## YOUR TASK
Among the entries below, find every line that has "gives" and pull it out.

## LISTED RECORDS
--*--

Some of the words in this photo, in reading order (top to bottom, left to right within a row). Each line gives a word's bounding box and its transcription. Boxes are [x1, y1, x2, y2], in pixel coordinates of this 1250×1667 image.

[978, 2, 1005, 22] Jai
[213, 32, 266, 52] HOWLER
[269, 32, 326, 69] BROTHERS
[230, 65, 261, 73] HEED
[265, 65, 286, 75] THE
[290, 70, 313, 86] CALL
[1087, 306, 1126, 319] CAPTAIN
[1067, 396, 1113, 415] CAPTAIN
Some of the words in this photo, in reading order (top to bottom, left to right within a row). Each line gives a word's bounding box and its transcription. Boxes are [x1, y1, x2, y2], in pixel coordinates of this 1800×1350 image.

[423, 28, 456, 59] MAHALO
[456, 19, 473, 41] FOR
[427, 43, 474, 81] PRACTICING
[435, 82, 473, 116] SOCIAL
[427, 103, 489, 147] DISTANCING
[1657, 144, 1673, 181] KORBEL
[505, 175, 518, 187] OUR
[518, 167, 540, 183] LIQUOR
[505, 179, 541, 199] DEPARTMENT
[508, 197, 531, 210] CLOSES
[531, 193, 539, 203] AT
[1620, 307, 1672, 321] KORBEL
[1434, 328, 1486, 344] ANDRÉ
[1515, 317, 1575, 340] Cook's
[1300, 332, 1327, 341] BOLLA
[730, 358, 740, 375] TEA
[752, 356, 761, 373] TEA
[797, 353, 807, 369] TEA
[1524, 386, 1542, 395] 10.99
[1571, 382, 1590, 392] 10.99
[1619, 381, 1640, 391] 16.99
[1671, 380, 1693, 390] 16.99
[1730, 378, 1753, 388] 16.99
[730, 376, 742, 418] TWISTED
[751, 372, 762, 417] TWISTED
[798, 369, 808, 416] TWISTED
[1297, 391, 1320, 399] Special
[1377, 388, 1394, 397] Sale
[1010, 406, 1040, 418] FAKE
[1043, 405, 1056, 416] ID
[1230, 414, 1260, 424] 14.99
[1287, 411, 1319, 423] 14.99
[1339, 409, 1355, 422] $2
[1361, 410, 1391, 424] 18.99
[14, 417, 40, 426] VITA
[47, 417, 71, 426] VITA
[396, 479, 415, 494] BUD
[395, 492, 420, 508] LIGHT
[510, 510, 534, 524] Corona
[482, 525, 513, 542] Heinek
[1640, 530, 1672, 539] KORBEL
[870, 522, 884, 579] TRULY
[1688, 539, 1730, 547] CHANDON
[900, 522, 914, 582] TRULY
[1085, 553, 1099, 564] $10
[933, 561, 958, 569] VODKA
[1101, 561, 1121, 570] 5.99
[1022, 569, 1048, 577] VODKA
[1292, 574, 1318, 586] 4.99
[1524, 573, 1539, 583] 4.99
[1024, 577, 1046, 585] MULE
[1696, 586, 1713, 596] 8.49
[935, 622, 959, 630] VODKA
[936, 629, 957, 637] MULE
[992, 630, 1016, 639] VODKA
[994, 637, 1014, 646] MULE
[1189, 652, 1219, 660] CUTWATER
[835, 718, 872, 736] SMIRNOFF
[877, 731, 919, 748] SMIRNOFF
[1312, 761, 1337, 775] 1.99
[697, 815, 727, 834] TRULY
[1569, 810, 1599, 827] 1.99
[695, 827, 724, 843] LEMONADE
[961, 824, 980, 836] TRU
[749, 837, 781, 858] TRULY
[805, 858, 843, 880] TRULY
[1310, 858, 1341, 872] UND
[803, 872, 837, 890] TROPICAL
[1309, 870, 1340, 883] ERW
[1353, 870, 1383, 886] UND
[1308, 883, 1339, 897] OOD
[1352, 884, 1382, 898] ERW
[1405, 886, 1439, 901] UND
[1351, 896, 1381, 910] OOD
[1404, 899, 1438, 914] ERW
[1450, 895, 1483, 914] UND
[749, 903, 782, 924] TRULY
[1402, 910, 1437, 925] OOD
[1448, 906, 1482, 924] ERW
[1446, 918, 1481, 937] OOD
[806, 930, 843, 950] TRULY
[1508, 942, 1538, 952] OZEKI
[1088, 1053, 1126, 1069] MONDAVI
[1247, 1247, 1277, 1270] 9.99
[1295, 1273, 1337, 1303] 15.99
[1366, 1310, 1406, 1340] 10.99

--*--

## TASK ANSWER
Some of the words in this photo, in reading order (top to bottom, left to right within a row). Each line gives a word's bounding box and its transcription. Boxes are [x1, y1, x2, y2], in pixel coordinates of this 1250×1667 image.
Some of the words in this photo, in reading order (top to bottom, left to right within a row). Each line gives a word's bounding box and its transcription. Boxes are [x1, y1, x2, y2], in pixel coordinates of this 1800×1350 image.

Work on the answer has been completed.